Some terminologies about the stack

The stack is always beginning from high memory and grows into low memory. there is a special pointer register called "ESP" that deals with the stack. This register always points to the top of the stack. ESP stands for "Extended stack pointer". Even its name indicates ESP is keeping track of the stack. Every function has it's own stack frame. This is where a function keeps its local variables. When we talk about the stack and stack frames the EBP is another important register. EBP is used to identify the base of a stack frame. So what we call a function's stack frame is the memory area surrounded by EBP and ESP. As ESP points to the top of the stack. when the stack grows ESP gets reduced. Because the stack is always growing into lower memory addresses. As well as whenever stack gets to back ESP gets increased.

PUSH and POP with the stack

Here we are going to talk about some two basic operations we frequently do with the stack. Those are PUSH and POP. The instruction PUSH means that we are pushing something onto the top of the stack. It is clear that, if we push something on to the stack frame the stack should grow more. As you know stack grows into lower memory addresses. So ESP (or RSP) will reduce. Think that we are pushing an integer to the stack. An integer is four bytes long. So ESP will reduce by 4 bytes. Let's understand this situation with an image. here we have a graphic layout of the stack before we push our integer value. Note that there is a stack frame already on the stack. ESP is pointing to the top of the stack.

stack-layout-before-push

Let's use PUSH instruction and push the value of eax (Assume that the value of the eax at the moment is 0x5).

push eax

You can see the space allocated for the integer in a blue box.

pushed-a-value-to-the-stack

Now we are going to see the POP instruction. What this instruction does is removing whatever found at the top of the stack and place it on another register. So after this process, the length of the stack should be reduced. So ESP will go higher. Think that we want to remove the value at the top of the stack and place it on EBP. We can just use the command pop ebp.

So, guys, we can summarize all of the above content into the following.

  • The stack starts from high memory and grows into low memory.
  • The stack pointer is always pointing to the top of the stack ( This can be esp or rsp). If we push something (using PUSH instruction)stack grow more into lower addresses so esp will reduced.
  • We can pop off the stack and copy whatever found on top of the stack into a register. After that stack length will be reduced and esp go higher.

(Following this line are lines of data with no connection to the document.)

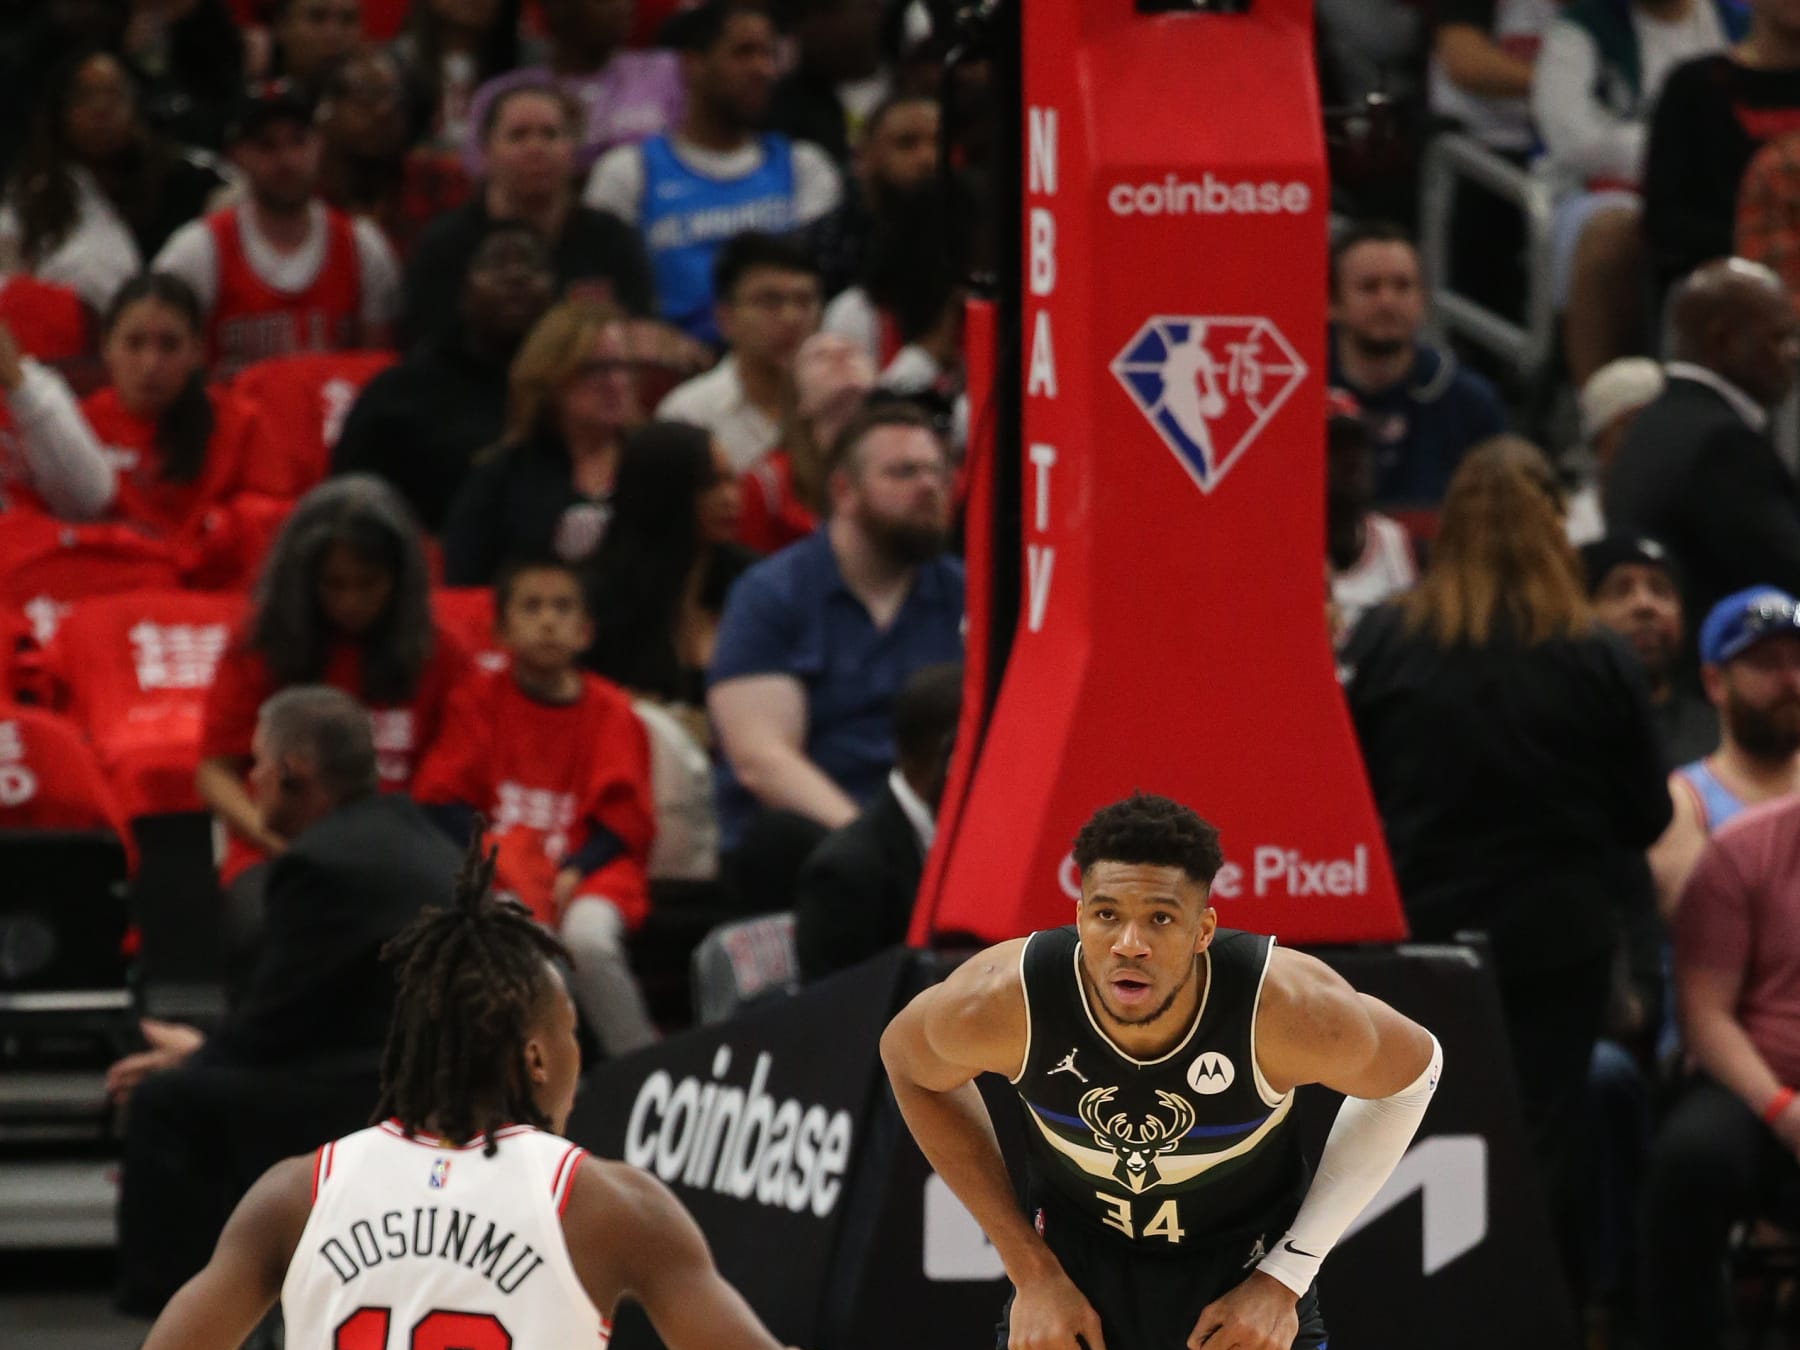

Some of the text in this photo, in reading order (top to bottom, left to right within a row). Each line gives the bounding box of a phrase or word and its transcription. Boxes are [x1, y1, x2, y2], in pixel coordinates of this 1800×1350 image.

[1108, 172, 1311, 215] coinbase
[1028, 105, 1058, 633] NBA TV
[1225, 341, 1262, 394] 75
[1253, 845, 1368, 897] Pixel
[624, 1044, 853, 1217] coinbase
[1095, 1191, 1185, 1243] 34
[319, 1206, 543, 1294] DOSUNMU

here we have an example also.

[push ebp]  :   esp ---> esp-4 : value of ebp pushed onto the stack.
[pop ebp]   :   esp ---> esp+4 : remove value of top stack and copy it to ebp.

Function prologue

The prologue is the process that builds a stack frame for a function. The compiler is responsible for function prologue. It creates a set of instructions to allocate a space in the stack and put some 999 data on it. You know that every function has it's own stack frame.

I'm going to write a small C program to demonstrate of function prologue.

int function1(a, b){
  int x;
  x = a + b;
  return x;
}

int main(){
  function1(4, 5);
  return 0;
}

here I used a function called function1 and call it from main function. The main function also just a function. So it has a stack frame. That holds some data like argc, argv etc.

function1() receives two arguments as a and b. It has a local variable called x. At the beginning x holds nothing. in function1() a and b will be added and the result will be saved in local variable x. Finally, function1() returns the value of x as the return value. Just a simple program. Now we can draw a layout of our stack as follows.

main function stack frame

For now, we don't go to examine what inside the main function's stack frame. Let's see how function-prologue builds the function1's stack frame.

The first thing happens in the prologue is pushing arguments to function1() in the stack. In the main function, we gave 4 and 5 as arguments. So we are going to put them on top of the stack. In the Assembly level, we use PUSH instruction to do this. In the above image, you can see the stack layout after we put arguments on the stack. Now esp is not the same as the previous one. It has been reduced by eight bytes. Why 8 bytes? Because a single integer is long four bytes. 0x5 and 0x4 are the hexadecimal representations of five and four.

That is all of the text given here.